No matter how many different ways I involve myself in Campus Ministry, what never fails to surprise me is the power and importance of the retreats.  In my time so far at Georgetown, I have attended six retreats, each of which has brought me new gifts.  Nothing was different this last time around; even when I least expected it, the Spring 2017 Campus Ministry Student Leadership Retreat taught me the importance of self- and other-awareness.

While the ideas of self- and other-awareness are certainly very obvious cornerstones of leadership, the retreat still took me by surprise when it enabled me to dig deeper than I had before.  In my other leadership roles on campus, I am required to fulfill sets of obligations and check off duties from a list.  Some of these rules do require a level of awareness of myself and others, but never in such a dire and extensive manner.  For with faith groups, the importance of being aware of how impactful a personal leadership style can be and of how important it is to maintain a constant awareness of the community can never be understated.

Shortly after reaching the retreat center, we did a few activities that are commonly seen as icebreakers, but on our retreat they were framed as a leadership activity.  In one simple statement from a facilitator, my view on icebreakers was changed: “you cannot be a leader unless you know who is in the room.” How true a statement that was!  Though I was, as a leader, able to recognize the importance of knowing–really knowing, not just superficially knowing–the people I serve, I had never seen it as a constant and active part of leadership.  Suddenly, this simple tenet of being aware of who is in the room and with whom I am situated transformed from a pre-requisite to leadership, to an active component of it.

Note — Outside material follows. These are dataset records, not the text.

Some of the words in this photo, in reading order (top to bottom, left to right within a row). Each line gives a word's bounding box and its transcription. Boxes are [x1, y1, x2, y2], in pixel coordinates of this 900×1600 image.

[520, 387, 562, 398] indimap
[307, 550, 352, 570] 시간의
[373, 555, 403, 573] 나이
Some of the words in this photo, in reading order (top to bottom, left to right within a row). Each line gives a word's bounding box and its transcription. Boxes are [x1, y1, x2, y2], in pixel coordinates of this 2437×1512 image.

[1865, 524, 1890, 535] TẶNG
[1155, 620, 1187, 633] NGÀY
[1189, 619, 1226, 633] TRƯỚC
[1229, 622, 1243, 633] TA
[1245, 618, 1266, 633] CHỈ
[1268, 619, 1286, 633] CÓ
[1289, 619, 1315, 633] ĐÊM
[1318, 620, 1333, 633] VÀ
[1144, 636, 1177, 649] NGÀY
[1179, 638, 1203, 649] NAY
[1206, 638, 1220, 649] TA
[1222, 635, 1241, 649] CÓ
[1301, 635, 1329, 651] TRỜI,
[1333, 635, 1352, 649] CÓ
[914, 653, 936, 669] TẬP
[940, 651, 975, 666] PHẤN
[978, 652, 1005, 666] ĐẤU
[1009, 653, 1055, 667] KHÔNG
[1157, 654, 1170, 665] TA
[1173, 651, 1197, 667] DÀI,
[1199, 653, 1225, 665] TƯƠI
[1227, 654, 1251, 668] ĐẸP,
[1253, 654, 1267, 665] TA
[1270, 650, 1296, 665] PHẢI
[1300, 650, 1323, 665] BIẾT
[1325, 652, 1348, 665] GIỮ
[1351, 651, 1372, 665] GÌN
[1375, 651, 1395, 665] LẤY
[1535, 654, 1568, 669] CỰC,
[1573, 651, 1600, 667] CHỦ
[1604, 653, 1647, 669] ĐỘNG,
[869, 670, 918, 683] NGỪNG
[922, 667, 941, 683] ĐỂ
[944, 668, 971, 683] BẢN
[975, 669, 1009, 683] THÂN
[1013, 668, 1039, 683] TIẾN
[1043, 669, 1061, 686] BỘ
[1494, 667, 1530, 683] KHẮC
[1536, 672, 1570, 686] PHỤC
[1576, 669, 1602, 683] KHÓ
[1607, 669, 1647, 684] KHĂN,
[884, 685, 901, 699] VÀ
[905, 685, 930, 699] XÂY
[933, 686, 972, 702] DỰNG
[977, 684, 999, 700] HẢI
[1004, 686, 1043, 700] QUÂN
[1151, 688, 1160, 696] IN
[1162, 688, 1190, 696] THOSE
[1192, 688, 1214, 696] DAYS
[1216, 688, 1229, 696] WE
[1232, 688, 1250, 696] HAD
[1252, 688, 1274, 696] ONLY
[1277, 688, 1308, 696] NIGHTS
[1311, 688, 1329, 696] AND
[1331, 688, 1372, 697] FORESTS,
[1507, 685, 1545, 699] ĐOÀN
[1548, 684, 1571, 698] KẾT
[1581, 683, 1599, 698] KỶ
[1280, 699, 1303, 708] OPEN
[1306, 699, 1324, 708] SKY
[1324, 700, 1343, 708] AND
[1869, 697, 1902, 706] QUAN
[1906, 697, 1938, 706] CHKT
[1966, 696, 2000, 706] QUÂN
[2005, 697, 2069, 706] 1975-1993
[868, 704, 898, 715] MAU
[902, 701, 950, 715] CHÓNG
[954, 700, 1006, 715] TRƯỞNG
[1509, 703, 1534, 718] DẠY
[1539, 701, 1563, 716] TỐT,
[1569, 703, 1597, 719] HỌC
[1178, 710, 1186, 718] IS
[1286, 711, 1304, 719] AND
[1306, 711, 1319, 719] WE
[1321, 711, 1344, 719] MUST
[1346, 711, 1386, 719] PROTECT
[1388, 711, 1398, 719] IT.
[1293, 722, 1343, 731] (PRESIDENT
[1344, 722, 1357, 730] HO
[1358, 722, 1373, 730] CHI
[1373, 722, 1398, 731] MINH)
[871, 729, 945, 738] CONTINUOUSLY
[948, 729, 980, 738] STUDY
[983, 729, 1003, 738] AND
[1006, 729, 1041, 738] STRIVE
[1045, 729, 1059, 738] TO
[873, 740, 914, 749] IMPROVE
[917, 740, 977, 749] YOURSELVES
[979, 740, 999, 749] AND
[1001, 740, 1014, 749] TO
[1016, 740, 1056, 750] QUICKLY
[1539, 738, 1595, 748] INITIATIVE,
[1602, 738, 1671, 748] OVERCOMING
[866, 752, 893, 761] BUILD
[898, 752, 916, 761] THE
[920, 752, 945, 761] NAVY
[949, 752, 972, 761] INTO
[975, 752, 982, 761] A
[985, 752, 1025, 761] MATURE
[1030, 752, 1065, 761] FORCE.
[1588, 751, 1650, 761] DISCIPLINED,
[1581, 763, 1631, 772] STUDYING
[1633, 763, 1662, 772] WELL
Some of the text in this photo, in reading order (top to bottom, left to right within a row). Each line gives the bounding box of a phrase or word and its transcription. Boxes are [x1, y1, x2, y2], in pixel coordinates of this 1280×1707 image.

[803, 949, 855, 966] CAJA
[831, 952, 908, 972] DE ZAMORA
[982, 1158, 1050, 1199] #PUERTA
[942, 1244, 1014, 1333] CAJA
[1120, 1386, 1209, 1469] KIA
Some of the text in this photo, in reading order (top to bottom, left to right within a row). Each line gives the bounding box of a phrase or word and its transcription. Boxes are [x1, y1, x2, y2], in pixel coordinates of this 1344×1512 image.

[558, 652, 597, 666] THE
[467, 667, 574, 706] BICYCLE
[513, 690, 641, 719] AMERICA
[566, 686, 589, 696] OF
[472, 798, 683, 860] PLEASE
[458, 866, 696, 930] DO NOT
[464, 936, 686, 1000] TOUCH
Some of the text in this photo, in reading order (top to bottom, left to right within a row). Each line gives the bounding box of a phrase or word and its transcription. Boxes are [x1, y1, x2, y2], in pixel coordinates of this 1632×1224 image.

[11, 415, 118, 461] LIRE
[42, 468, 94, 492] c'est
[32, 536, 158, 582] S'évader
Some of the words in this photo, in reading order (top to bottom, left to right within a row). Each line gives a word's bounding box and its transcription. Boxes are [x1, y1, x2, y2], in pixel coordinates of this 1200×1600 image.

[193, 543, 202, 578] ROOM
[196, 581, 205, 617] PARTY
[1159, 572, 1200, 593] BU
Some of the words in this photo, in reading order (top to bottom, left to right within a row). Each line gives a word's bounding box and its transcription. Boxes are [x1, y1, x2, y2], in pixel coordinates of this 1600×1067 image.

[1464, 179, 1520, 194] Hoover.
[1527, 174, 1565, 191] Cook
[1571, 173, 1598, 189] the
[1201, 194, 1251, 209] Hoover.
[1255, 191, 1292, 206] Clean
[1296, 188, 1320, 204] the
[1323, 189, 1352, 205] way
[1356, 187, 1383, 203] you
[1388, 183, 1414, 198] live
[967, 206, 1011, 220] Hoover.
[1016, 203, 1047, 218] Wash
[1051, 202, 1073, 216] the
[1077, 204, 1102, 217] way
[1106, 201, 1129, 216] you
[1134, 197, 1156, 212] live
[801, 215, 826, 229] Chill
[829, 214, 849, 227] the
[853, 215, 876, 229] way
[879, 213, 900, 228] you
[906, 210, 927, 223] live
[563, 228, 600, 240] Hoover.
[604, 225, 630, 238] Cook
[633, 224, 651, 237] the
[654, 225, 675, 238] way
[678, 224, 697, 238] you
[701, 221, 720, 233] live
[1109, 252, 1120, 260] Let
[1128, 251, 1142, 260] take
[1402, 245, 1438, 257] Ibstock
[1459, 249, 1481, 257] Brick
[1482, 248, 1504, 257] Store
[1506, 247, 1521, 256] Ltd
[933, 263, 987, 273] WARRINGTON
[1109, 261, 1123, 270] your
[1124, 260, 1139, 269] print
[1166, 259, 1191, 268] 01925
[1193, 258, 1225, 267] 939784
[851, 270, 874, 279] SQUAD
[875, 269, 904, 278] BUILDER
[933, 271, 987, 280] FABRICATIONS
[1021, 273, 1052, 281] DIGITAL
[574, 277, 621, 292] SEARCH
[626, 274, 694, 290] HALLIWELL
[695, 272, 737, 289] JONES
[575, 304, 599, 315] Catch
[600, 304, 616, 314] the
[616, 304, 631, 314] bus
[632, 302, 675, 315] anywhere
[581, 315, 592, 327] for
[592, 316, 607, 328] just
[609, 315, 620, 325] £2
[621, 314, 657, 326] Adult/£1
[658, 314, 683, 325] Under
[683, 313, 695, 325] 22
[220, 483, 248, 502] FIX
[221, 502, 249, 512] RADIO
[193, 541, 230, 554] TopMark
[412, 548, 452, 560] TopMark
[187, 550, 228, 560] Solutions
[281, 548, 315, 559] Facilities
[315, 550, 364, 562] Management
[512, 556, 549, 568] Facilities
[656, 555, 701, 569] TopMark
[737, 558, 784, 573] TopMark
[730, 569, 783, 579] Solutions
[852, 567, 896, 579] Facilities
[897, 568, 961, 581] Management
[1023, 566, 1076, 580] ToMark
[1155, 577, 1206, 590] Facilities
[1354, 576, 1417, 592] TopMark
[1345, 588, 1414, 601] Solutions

In one of the other more striking activities in which we participated in the retreat, we were instructed to create small groups and discuss a controversial, personal, and divisive topic amongst ourselves.  With little instructions and no ground rules, I proceeded to follow my group into a small room where we took up the topic of straying from religious tenets based on personal moral convictions (i.e. what happens when one strays from traditional religious teachings that one perceives as wrong or inapplicable).  In one of the most high-stakes but low-stress conversations I had ever participated in, I was able to learn about empathetic listening: listening with the intent of seeing another person, feeling their emotions, and feeling compelled to take action on their part.  Though my opinions were unswayed, I learned what it was like to participate in a respectful dialogue that leaves room for questions, opinions, and convictions, all at the same time.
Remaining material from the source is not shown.